As we enter the era of catalytic activation of small molecules, such as CO2, CO, and H2O, to realize the so-called refinery of the future one of the main questions to answer for scientists involve the coupling of carbon fragments, originating from CO2, either produced at point sources, or harvested from direct air capture units. The overall goal is to manufacture increasingly complex (and thus value-added) carbon-containing molecules from CO2 or via its intermediates CO and CH3OH instead of making them from crude oil fractions. This requires a profound knowledge of the chemical processes taking place at the catalytic surface of both thermo- and electrocatalytic activation processes of CO2, was well as of the subsequent chemical conversion processes in which carbon monoxide (Fischer-Tropsch synthesis, FTS), methane (either as waste methane, or biomethane, via selective C-H activation) and methanol (methanol-to-hydrocarbons process, MTH) are used. This is the topic of this lecture, in which I discuss the latest progress made in our group in understanding CO2 activation over nickel (thermocatalytic conversion) and copper (electrocatalytic conversion), and of CH3OH over zeolite-based materials (MTH).

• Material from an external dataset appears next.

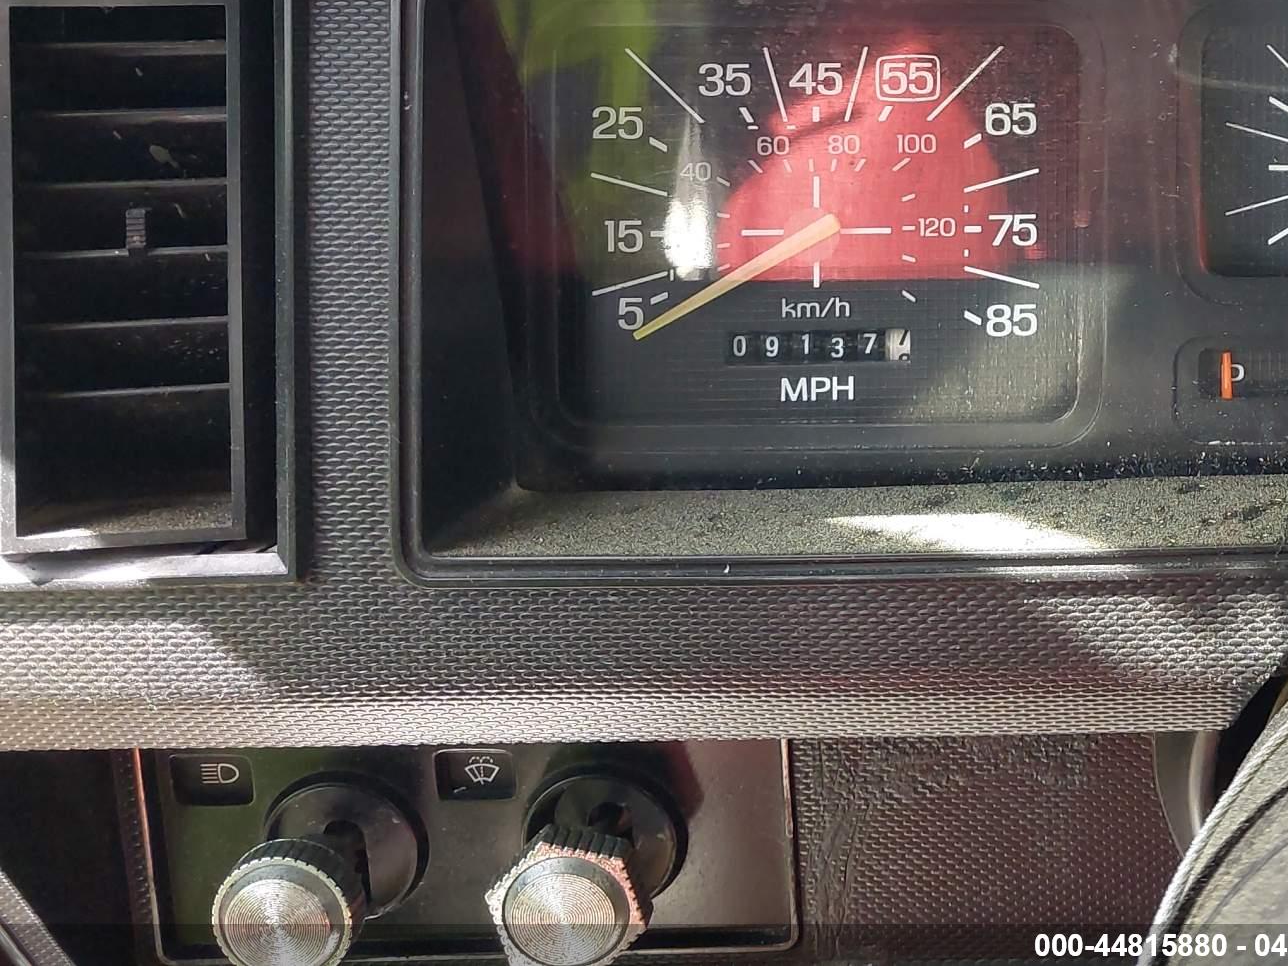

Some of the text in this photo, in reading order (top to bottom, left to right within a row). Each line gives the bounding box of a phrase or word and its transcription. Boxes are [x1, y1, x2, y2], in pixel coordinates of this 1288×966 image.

Special emphasis is on the use of in-situ and operando characterization methods to elucidate reaction and deactivation mechanisms. The talk will end with some vistas on the zeolite-based depolymerization of plastic waste as well as biomass, namely the metal nanoparticle-based depolymerization of chitin, as these are also relatively new carbon sources for the refinery of the future, as both chemical bond breaking and bond making are essential.